[Image-backed grounding data]
------

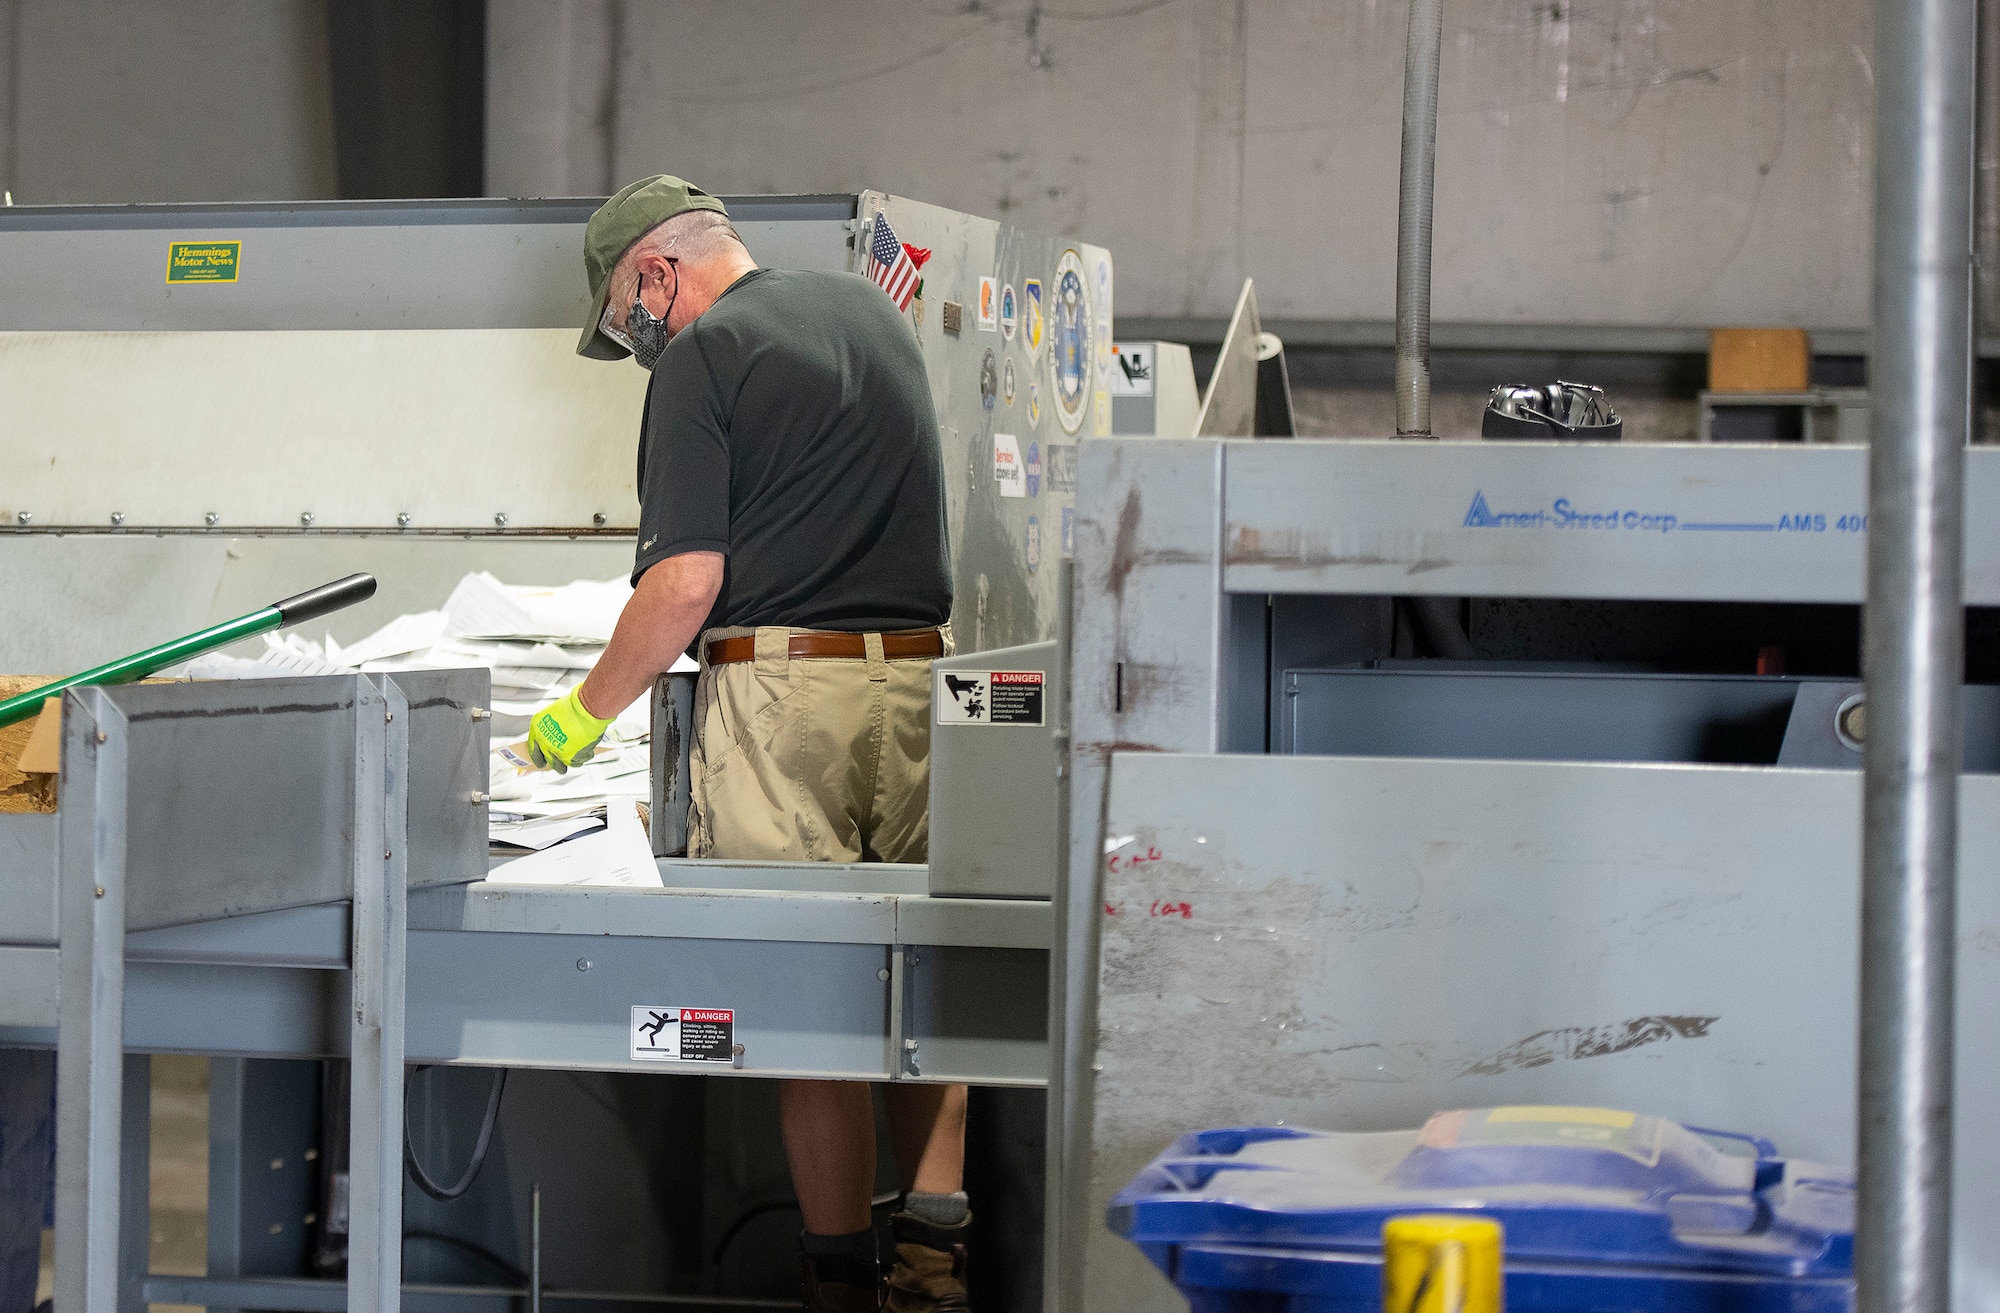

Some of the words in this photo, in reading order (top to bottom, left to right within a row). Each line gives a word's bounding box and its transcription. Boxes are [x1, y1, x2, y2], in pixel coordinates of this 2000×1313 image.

[178, 247, 232, 258] Hemmings
[174, 257, 205, 267] Motor
[206, 256, 234, 266] News
[996, 448, 1014, 463] Service
[996, 467, 1010, 480] above
[1777, 513, 1826, 532] AMS
[1002, 674, 1041, 682] DANGER
[537, 720, 563, 750] SOURCE
[544, 717, 567, 741] PROJECT
[695, 1012, 730, 1020] DANGER

------

=== What is expected ===
The data must come back word for word, with every picture removed.

=== Output ===
Some of the words in this photo, in reading order (top to bottom, left to right within a row). Each line gives a word's bounding box and its transcription. Boxes are [x1, y1, x2, y2], in pixel coordinates of this 2000×1313 image.

[178, 247, 232, 258] Hemmings
[174, 257, 205, 267] Motor
[206, 256, 234, 266] News
[996, 448, 1014, 463] Service
[996, 467, 1010, 480] above
[1777, 513, 1826, 532] AMS
[1002, 674, 1041, 682] DANGER
[537, 720, 563, 750] SOURCE
[544, 717, 567, 741] PROJECT
[695, 1012, 730, 1020] DANGER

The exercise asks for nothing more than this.